Another slobbery wet kiss to white privileged coming of age, The Spectacular Now asks us to believe, among other implausible things, that Shailene Woodley, one of People Magazine’s 2012 “Most Beautiful People at Every Age,” is some kind of Annie-Average-Plain-Jane.  Look, nobody expects sensitivity or realism from Hollywood, but encouraging average young women across America to believe this is the cultural standard for subpar beauty is sick, even for them. And it’s not some throwaway component of the film, it’s a major plot point, as characters routinely ask Sutter (Miles Teller) why he’d be slumming it with Aimee (Woodley).

The real question is why anyone would be interested in Sutter, a boorish borderline alcoholic who is popular seemingly because he’s oblivious to how unpopular he should be. His single mother, Sara (Jennifer Jason Leigh), works crazy shifts as a nurse to care for him; his sister, Holly (Mary Elizabeth Winstead), is held up as a figure for ridicule for settling down with a wealthy lawyer who can care for her and his ex-girlfriend, Cassidy (Brie Larson), is implicitly criticized for moving on too quickly after their breakup despite the fact he’s a letch who sneaks alcohol at work and her new boyfriend is pretty awesome.

Why anyone would root for Aimee and Sutter to get together speaks to a bizarre nostalgic need for unremarkable male losers to fantastically rewrite the past and get the girl they shouldn’t. Sutter is terrible to Aimee, who he befriends as an act of pity. Although she encourages him to heal from abandonment issues due to his father (Kyle Chandler), we don’t even see Aimee’s comparable scene. Having made a pact to both stand up to their mothers, Sutter’s story plays out for 45 minutes while Aimee mentions her experience in passing. If there’s a moral expressed here, it’s this: All y’all ladies should help fix your men and take care of your own damn selves while you’re at it.

Teller and Woodley are talented actors adrift in hackneyed, simplistic, overwrought obviousness. The most startling thing about The Spectacular Now is that people seem to like it. If you can get past the “uglification” of Woodley and the uneven distribution of romantic responsibility, it is a completely average experience indistinguishable from a thousand other films content to hold young people with few real problems up as an example of how we all suffered into adulthood.

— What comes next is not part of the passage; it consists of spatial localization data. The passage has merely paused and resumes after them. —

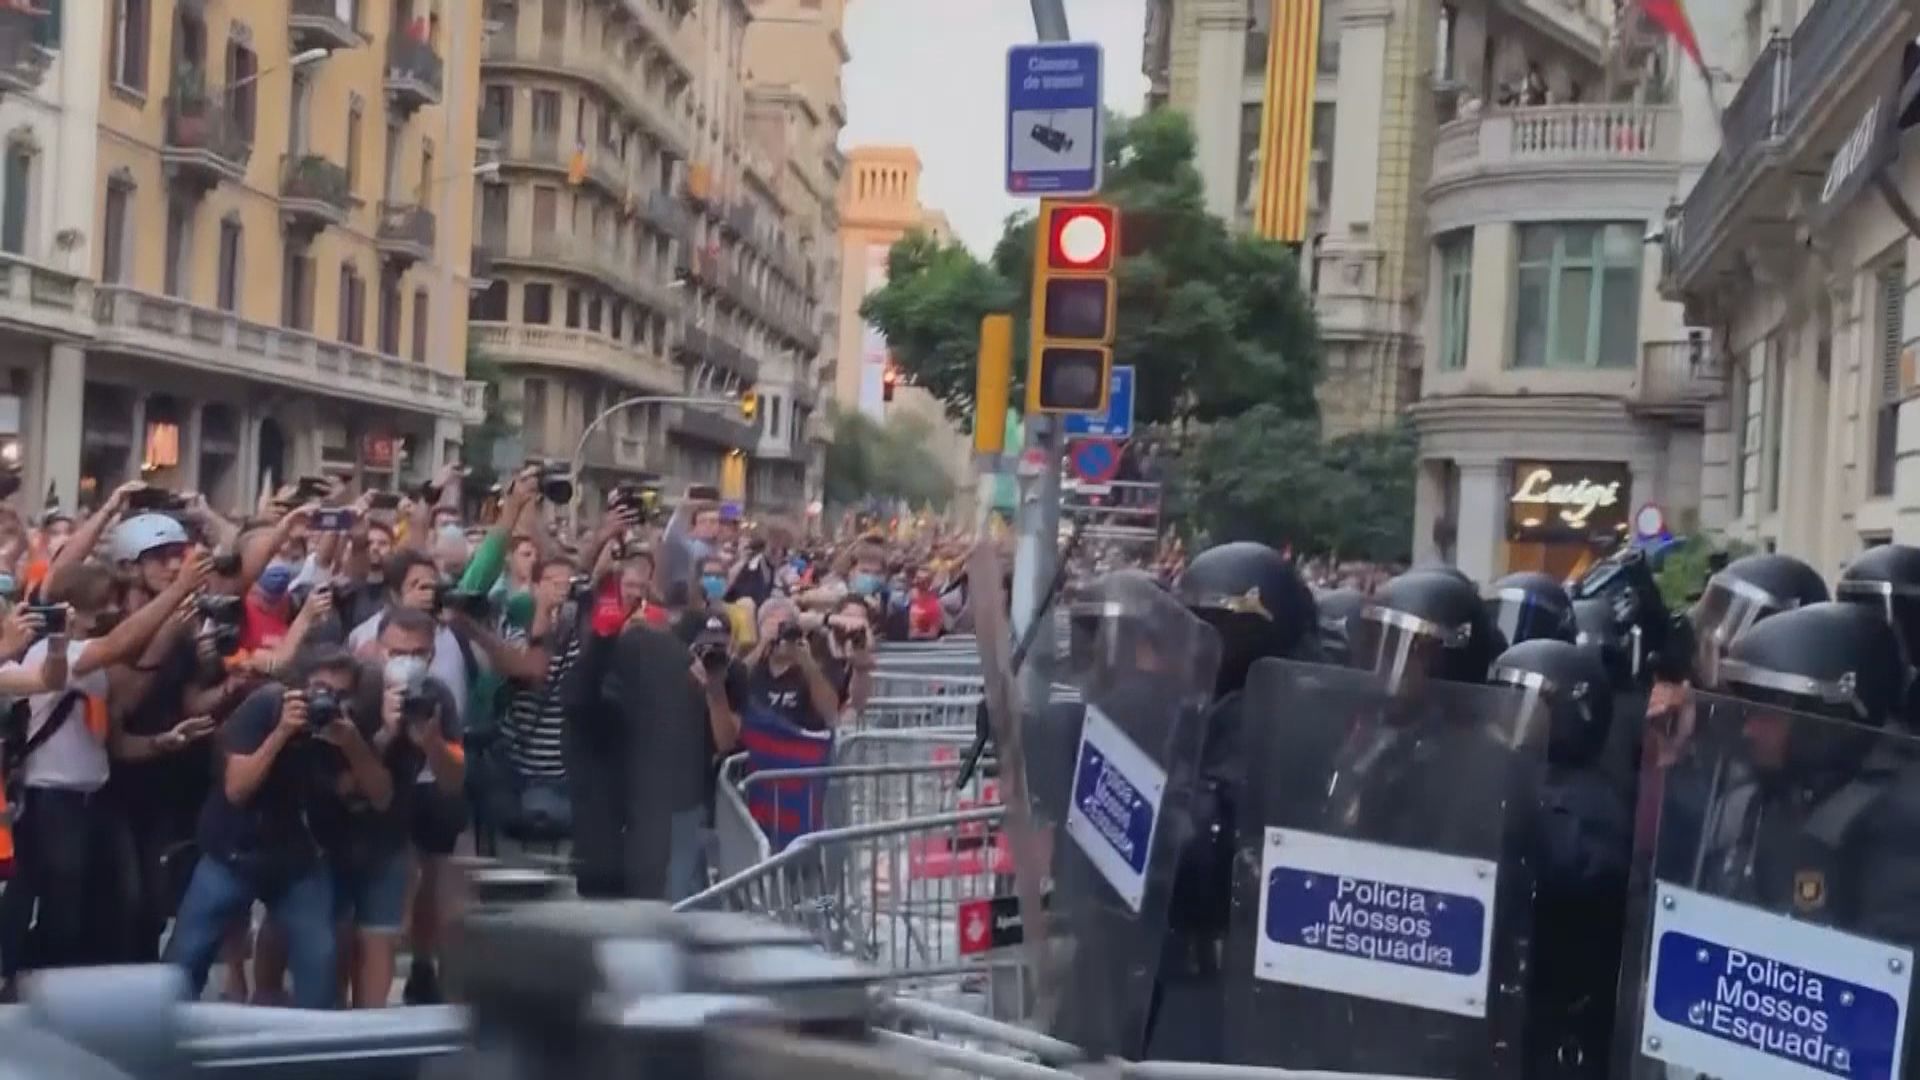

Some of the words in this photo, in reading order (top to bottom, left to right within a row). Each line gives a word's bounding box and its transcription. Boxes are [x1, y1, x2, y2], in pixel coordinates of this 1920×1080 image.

[1511, 469, 1620, 521] Luigi
[1329, 901, 1431, 938] Mossos
[1337, 876, 1426, 912] Policia
[1302, 921, 1453, 966] d'Esquadra
[1726, 949, 1823, 1002] Policia
[1716, 975, 1829, 1033] Mossos
[1688, 999, 1851, 1072] d'Esquadra

Okay, so this all sounds really, really negative. And it is. But the final take home of what director James Ponsoldt and writers Scott Neustadter and Michael H. Weber did isn’t a fist shake but a shrug. The Spectacular Now is the second film in the last few months to give the “indie darling” treatment to a subject unbecoming, as it joins The Way Way Back in the “unremarkable coming of age” club. Oh, and a quick shout out to Kyle Chandler, who does finally deliver a performance distinct from his role as Coach Taylor on “Friday Night Lights.” Even if that’s not exactly the final thought the filmmakers probably wanted a review to end on.